PHOTOGRAPHIC MEASURES OF RETINITIS

For these analyses, progression was defined as the movement of a border 750 µm or greater along a front 750 µm or more in length, or the occurrence of a new lesion 750 µm or greater in diameter and separated from a previous lesion by 750 µm or more, in a previously uninvolved eye. Fundus Photograph Reading Center (FPRC) graders unaware of treatment assignment assessed progression by comparison of photographs taken at baseline to those taken at follow-up visits.
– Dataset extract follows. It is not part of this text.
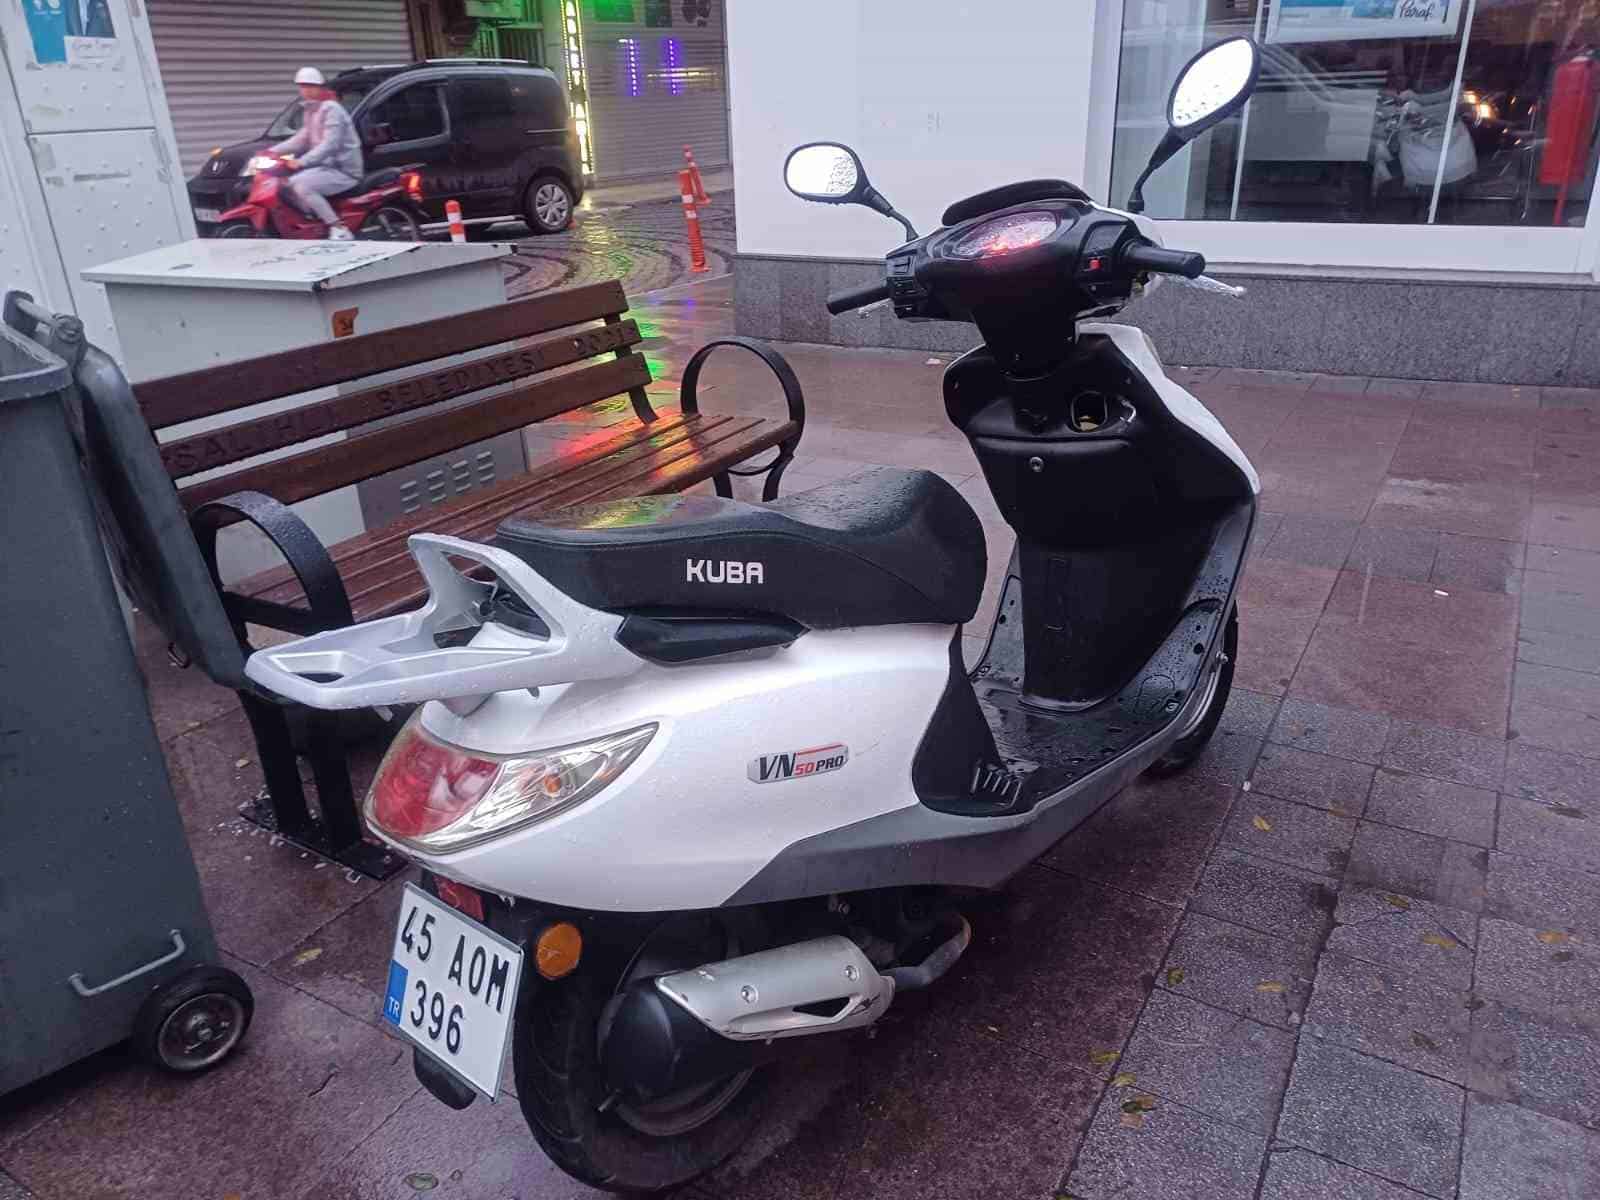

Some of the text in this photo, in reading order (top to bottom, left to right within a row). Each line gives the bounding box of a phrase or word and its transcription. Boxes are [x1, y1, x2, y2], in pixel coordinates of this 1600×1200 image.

[686, 559, 764, 584] KUBA
[401, 907, 509, 1012] 45 AOM
[387, 996, 401, 1018] TR
[411, 980, 463, 1054] 396
The extent of retinitis was evaluated from fundus photographs by measuring the area of retina with retinitis in zones 1 and 2; zone 3 was not evaluated because it could not be photographed reliably. The definition of retinal zones has been described.18 Area of retina involved was expressed as a percentage (ie, area of retina in zones 1 and 2 with retinitis divided by total area of retina in zones 1 and 2). In the FGCRT, retinal area involved was determined by FPRC graders from planimetric measurements on a digitized mosaic of the retina created from fundus photographs.19 In the CRRT and the MACRT, FPRC graders evaluated the area of retina involved using grids superimposed on the photographs.

VISION MEASURES

The vision measures were visual acuity as measured on logarithmic charts developed for the Early Treatment Diabetic Retinopathy Study20 and visual field as measured via kinetic perimetry along 12 meridians on a Goldmann Visual Field Test with a IV4e test object; the degrees of field seen along each meridian were summed to calculate the visual field score.21

ANALYSIS

Data collected at visits that occurred during the first year of follow-up before or after the treatment protocols were suspended were included in these analyses.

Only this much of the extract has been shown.